My number 1 spot was always going to be my number 1 spot. Sure you can pick Everything Must Go as a better album, certainly a more palatable option and maybe one more symbolic of the decade, but The Holy Bible is THE ONE. I made some Beatles comparisons above, but what the hell do you compare this to? Sure there were dark albums before and there have been since – the 90s were full of them, but none of them come close to this. This is pain not commercialized, romanticized, or glorified. It’s like unnecessary eye surgery. It’s darker than any metal album, and unquestionably more authentic in its horror. While the 90s were known for certain artists paving new ways with sampling The Holy Bible offered the following soundbite samples:

‘I wanted to rub the human face in its own vomit, and then force it too look in the mirror’

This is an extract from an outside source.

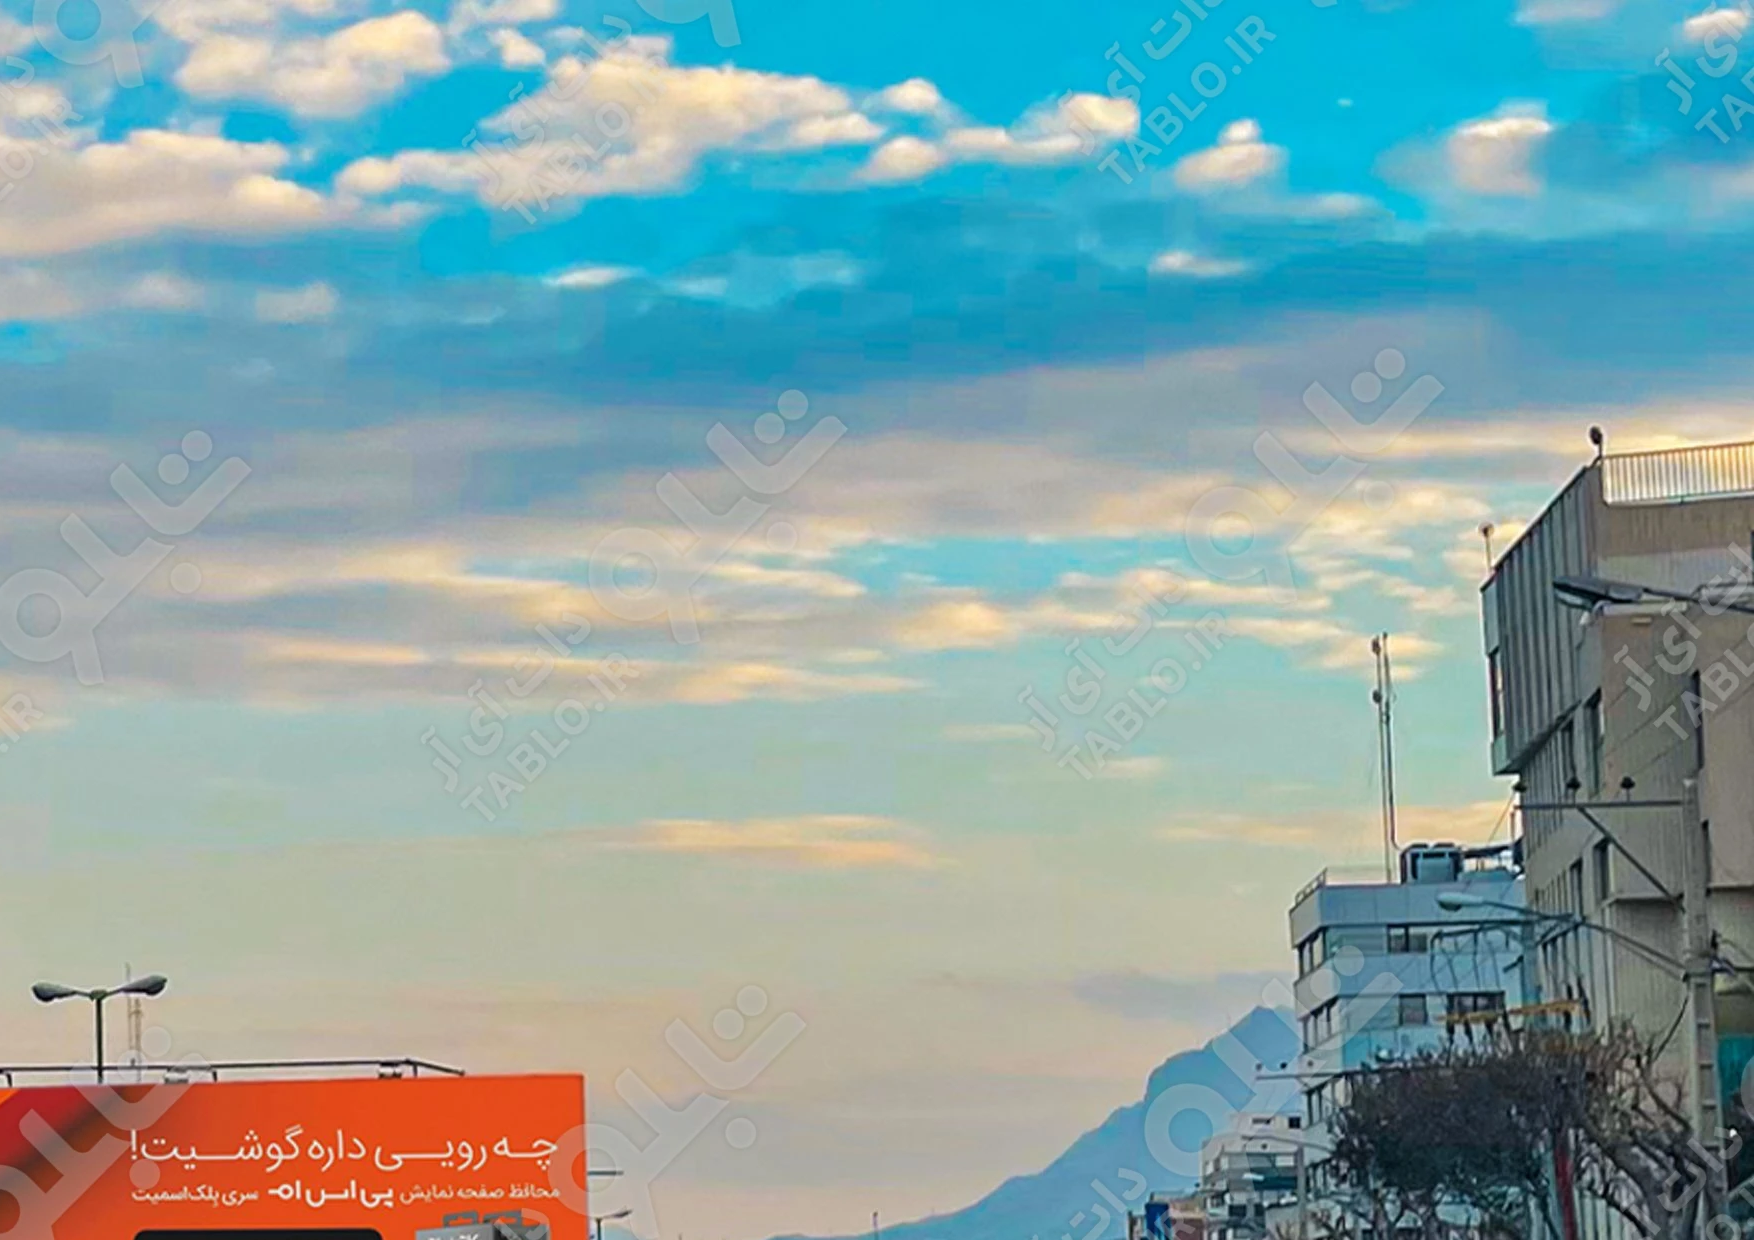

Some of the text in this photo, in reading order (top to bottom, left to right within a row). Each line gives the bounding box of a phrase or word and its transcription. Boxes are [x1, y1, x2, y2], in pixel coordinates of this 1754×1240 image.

‘I knew that someday I was gonna die. And I knew before I died Two things would happen to me – That number one I would regret my entire life. And number two I would want to live my life over again’

‘I wonder who you think you are. You damn well think you’re God or something. God give life, God taketh it away, not you. I think you are the devil itself’ (Mother of one of the victims of Peter Sutcliffe).

‘I eat too much to die and not enough to stay alive. I’m sitting in the middle waiting’ (quote from a documentary about a girl’s struggle with anorexia. She died a few months later).

‘I hate purity. Hate goodness. I don’t want virtue to exist anywhere. I want everyone corrupt’.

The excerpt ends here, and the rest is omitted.